Rosen Mickie 4
4 · Centurion Acquisition Corp. · Filed Jun 15, 2026
Research Summary
AI-generated summary of this filing
Centurion (ALF) Director Mickie Rosen Converts 30,000 Shares
What Happened
- Mickie Rosen, a director of Centurion Acquisition Corp. (ALF), converted 30,000 Class B ordinary shares into 30,000 Class A ordinary shares on June 8, 2026. The conversion was one-for-one, involved no cash consideration, and is reported as a derivative conversion (transaction code C). The filing shows the disposition of 30,000 Class B shares at $0.00 and the acquisition of 30,000 Class A shares with no purchase price.
Key Details
- Transaction date: June 8, 2026; reported on Form 4 filed June 15, 2026 (appears to be filed after the usual 2-business-day window).

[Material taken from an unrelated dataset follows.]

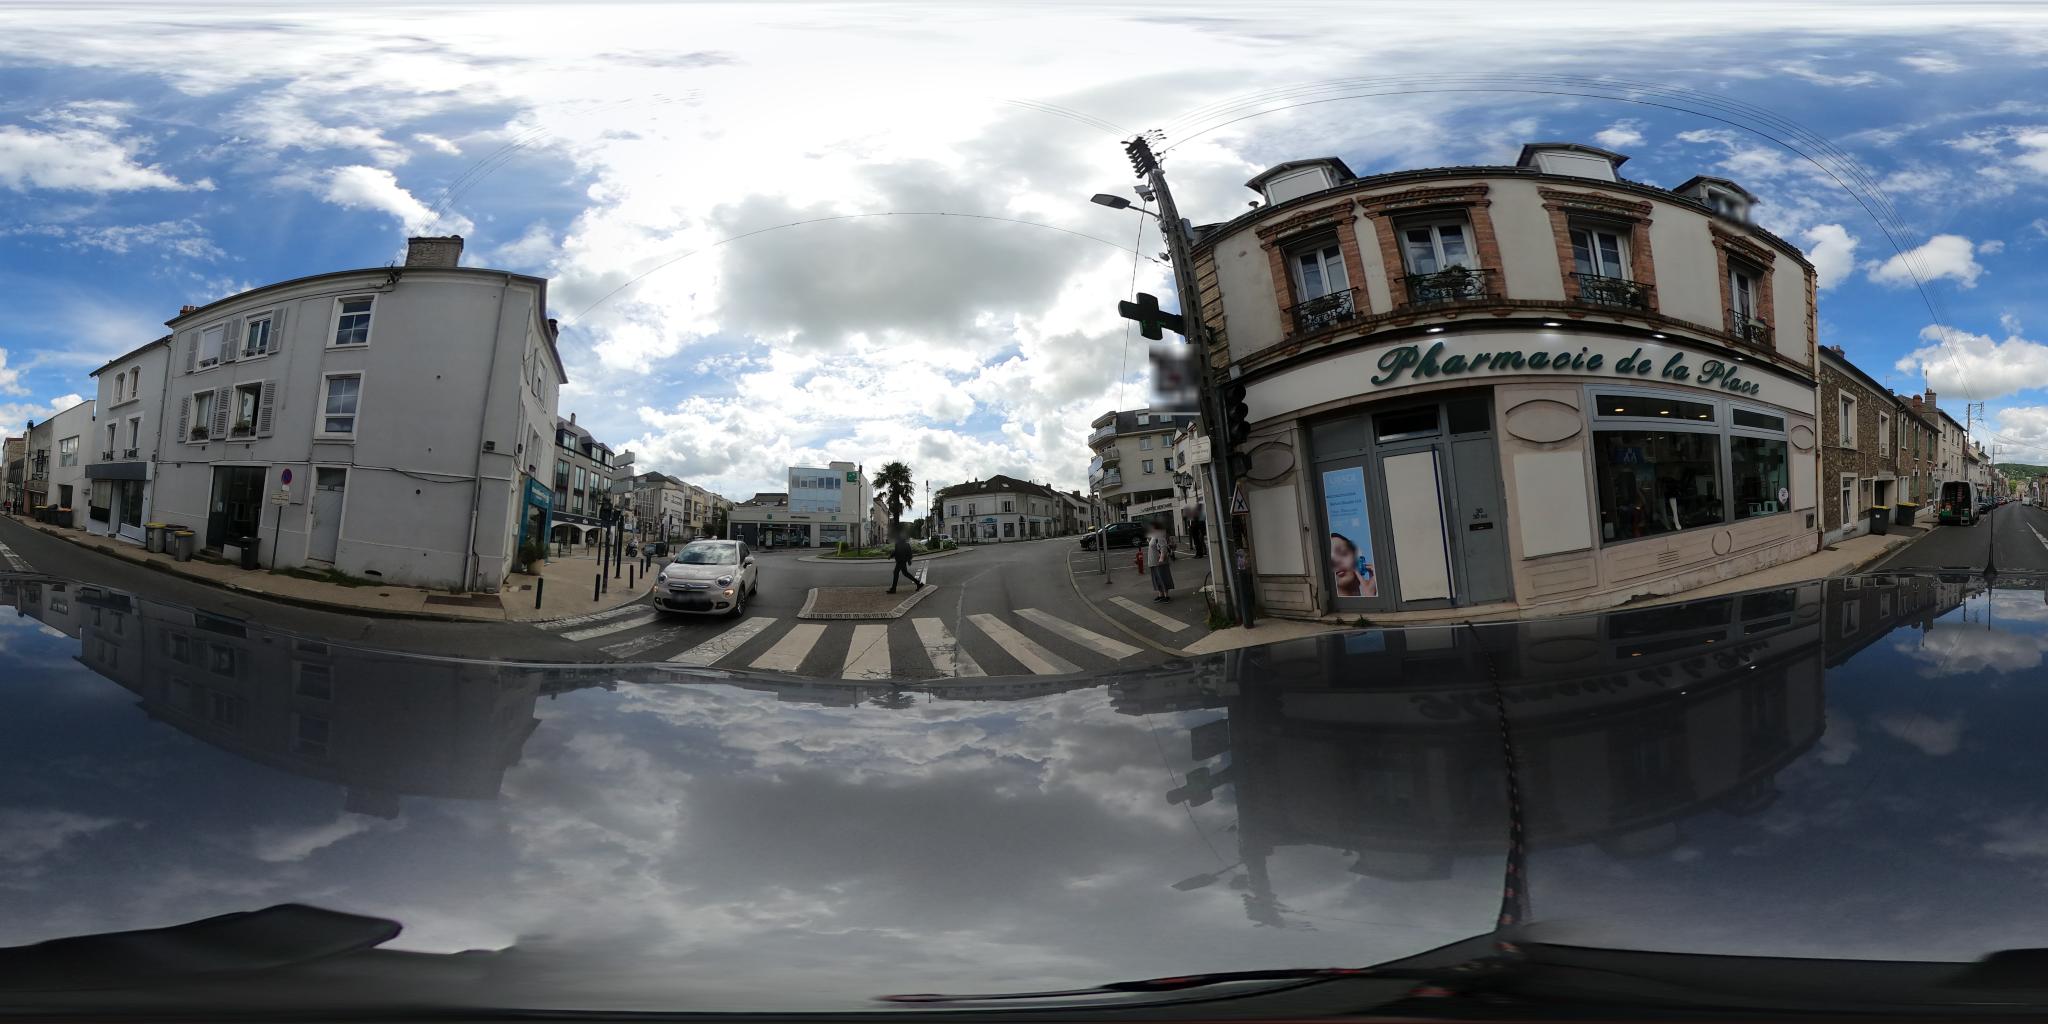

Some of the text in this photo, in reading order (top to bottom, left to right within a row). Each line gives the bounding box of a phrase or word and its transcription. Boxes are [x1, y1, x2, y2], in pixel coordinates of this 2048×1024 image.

[1370, 341, 1760, 395] Pharmacie de la Place

- Transaction type/code: Conversion of derivative security (Code C).
- Shares converted: 30,000 Class B → 30,000 Class A.
- Reported price/consideration: No cash exchanged; disposal reported at $0.00.
- Shares owned after transaction: Not specified in the excerpt of the filing provided.
- Footnote: Per the issuer’s Amended and Restated Memorandum and Articles of Association, Class B shares are convertible into Class A on a one-for-one basis at the holder’s option, for no additional consideration and with no expiration; conversion may be subject to anti-dilution adjustments. The reporting person elected to convert 30,000 Class B shares.
Context
- This is a class-conversion (derivative) transaction rather than an open-market buy or sale. Conversions like this are common in SPAC/dual-class structures and typically change share class and voting rights rather than represent a market purchase or sale. Such conversions are generally neutral with respect to buy/sell signaling; they do not by themselves indicate the insider’s sentiment about the company’s public stock price.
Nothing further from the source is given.